Lo spread continua a salire. Tra non molto ci verremo a trovare nella stessa situazione che determinò, alla fine dello scorso anno, la caduta del governo Berlusconi. Ce ne ricordiamo tutti. Nei primi mesi della sua attività Monti diede una sterzata alle cose e sembrò che ci fosse stato un rasserenamento generale del clima interno e dei rapporti tra i partiti. Poi tutto è andato precipitando. Il “sistema Paese” non ha retto, sono riaffiorate le antiche divisioni e quello che sembrava possibile, si è dimostrato un miraggio. Ora siamo al punto di partenza, con l’aggravante delle scelte unidirezionali che si sono fatte, tutte contro i ceti popolari, i servizi sociali, il mondo della cultura e della ricerca.

La riforma elettorale è rimasta un pio desiderio. I segretari dei partiti vogliono mantenere i loro privilegi, questa specie di scuderia che li rende padroni del maneggio, e signori di servitù che possono solo calare la testa.

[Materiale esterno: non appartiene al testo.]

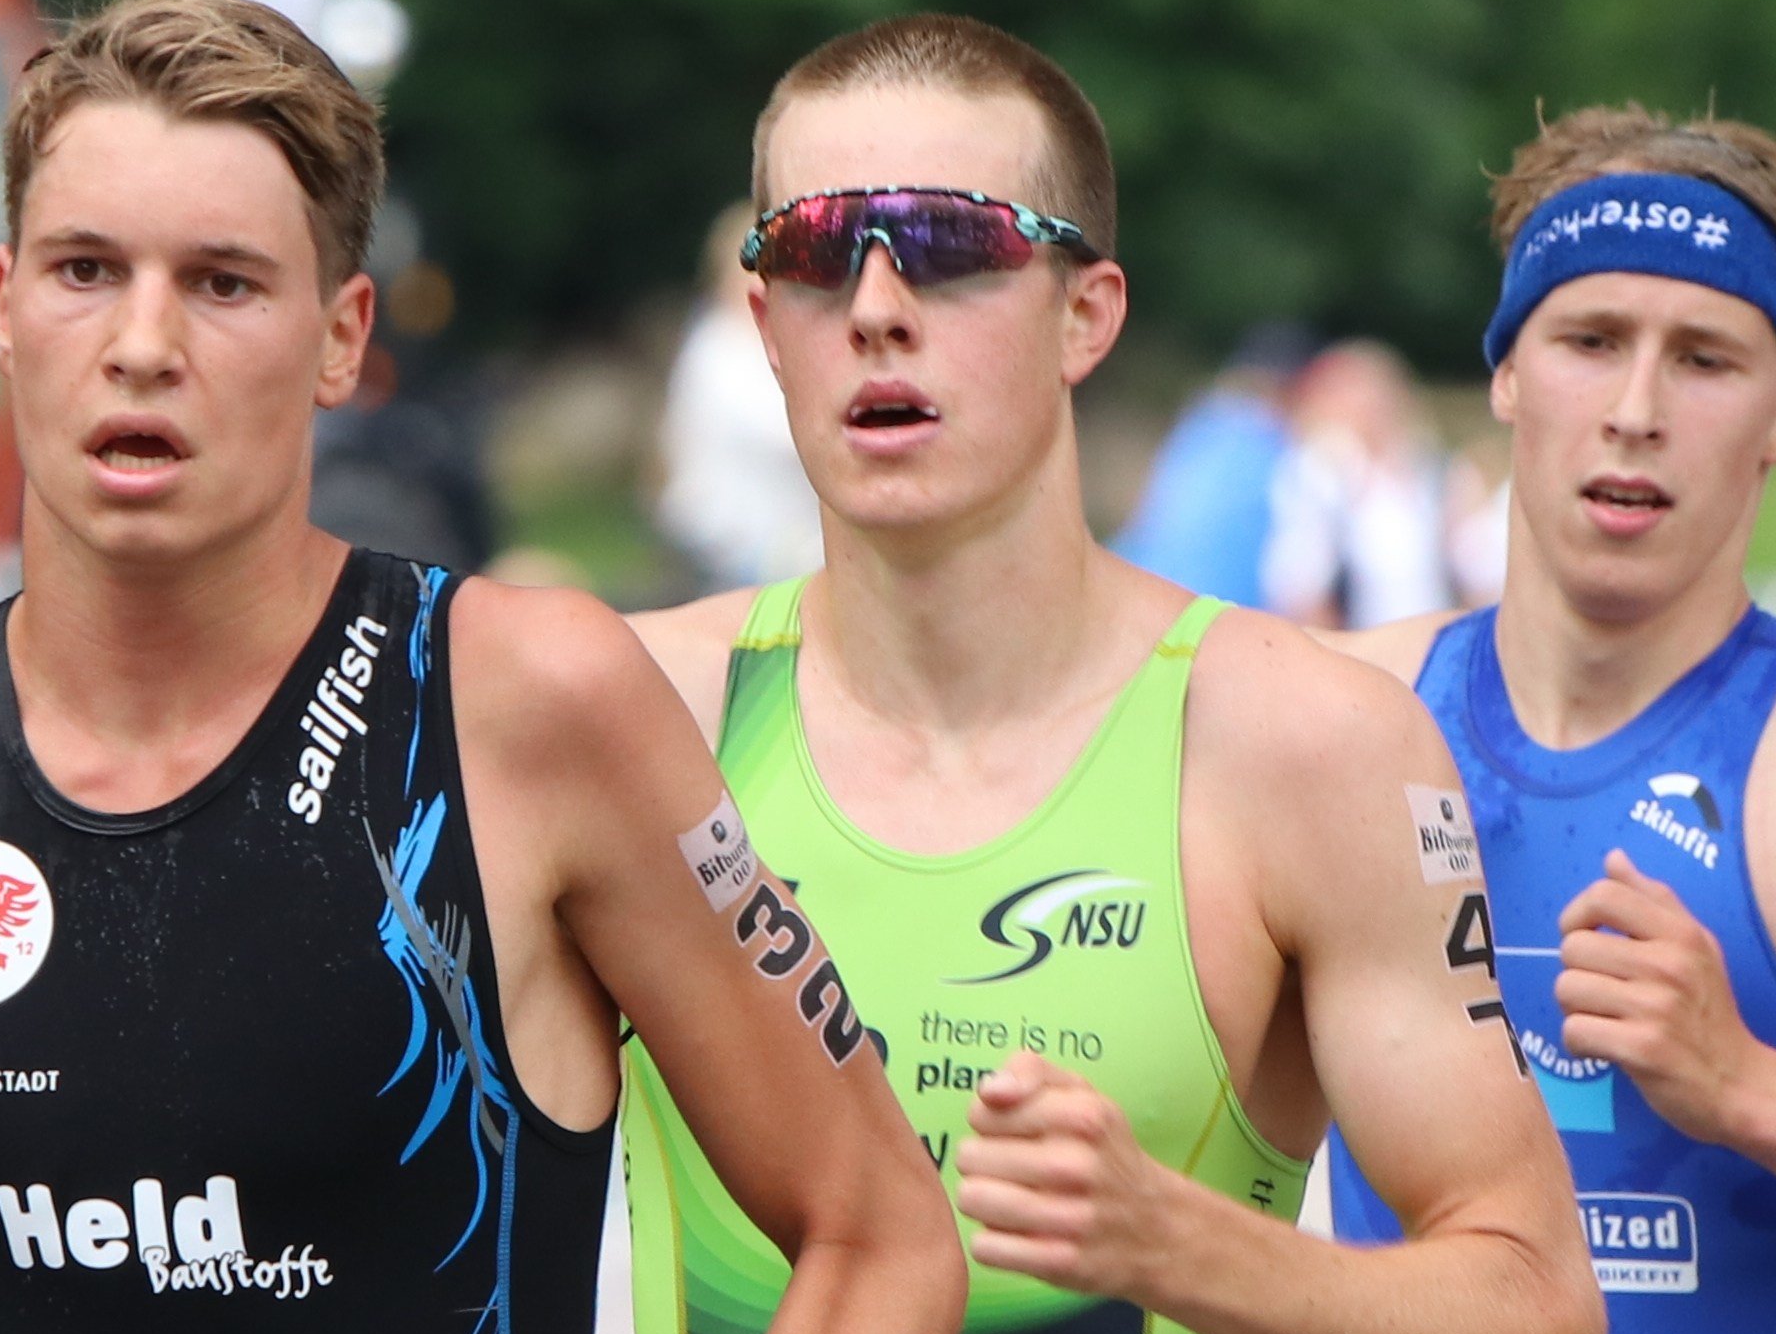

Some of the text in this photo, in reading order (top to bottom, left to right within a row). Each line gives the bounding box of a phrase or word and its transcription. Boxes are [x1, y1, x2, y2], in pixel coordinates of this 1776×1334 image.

[288, 615, 388, 826] sailfish
[1629, 799, 1720, 870] skinfit
[16, 942, 35, 956] 12
[1060, 901, 1147, 948] NSU
[735, 880, 865, 1068] 32
[921, 1010, 1008, 1049] there
[1020, 1016, 1047, 1054] is
[1058, 1028, 1103, 1062] no
[143, 1244, 334, 1299] Baustoffe

Di interventi per la crescita e lo sviluppo non se ne sono visti neanche in lontananza. Sono riaffiorate le fragilità strutturali e le difficoltà di prospettiva. Tutto mentre sappiamo che l’Italia non è la Spagna, la Grecia, l’Irlanda o il Portogallo. E’ diversa se non altro perché è uno dei Paesi che hanno dato origine a questa Europa delle banche e della finanza ed ha creduto da sempre nell’unità economica e culturale. Siamo stati fondatori della Ceca, la Comunità economica europea per il carbone e l’acciaio (1951), fautori della libera circolazione di persone, beni e servizi. Abbiamo dato origine nel 1957 alla Cee (la Comunità Economica europea) e all’Euratom, la comunità europea dell’energia atomica. Inoltre, il nostro Paese è stato, nel 1968, fautore dell’abolizione dei dazi doganali tra i Paesi fondatori (oltre all’Italia, il Belgio, la Germania, la Francia, il Lussemburgo e i Paesi Bassi).

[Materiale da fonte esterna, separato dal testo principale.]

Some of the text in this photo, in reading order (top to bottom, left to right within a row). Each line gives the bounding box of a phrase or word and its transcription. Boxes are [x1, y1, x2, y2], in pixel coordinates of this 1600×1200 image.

Abbiamo avuto, nel male e nel bene, europeisti come Alcide De Gaspari ed Altiero Spinelli, e a parte i difetti della classe dirigente di quegli anni, è stato grazie anche all’intellighentia italiana che l’Europa ha elaborato i suoi strumenti di coesistenza degli Stati mediante la Carta dei diritti fondamentali dell’U.E. che “pone la persona al centro della sua azione istituendo la cittadinanza dell’Unione e creando uno spazio di libertà, sicurezza e giustizia” mai prima conosciuto. Fino ad arrivare agli ultimi esiti della sua attività, come il trattato di Lisbona (2009) sottoscritto in nome della democrazia, della solidarietà e del nostro protagonismo nel mondo globalizzato.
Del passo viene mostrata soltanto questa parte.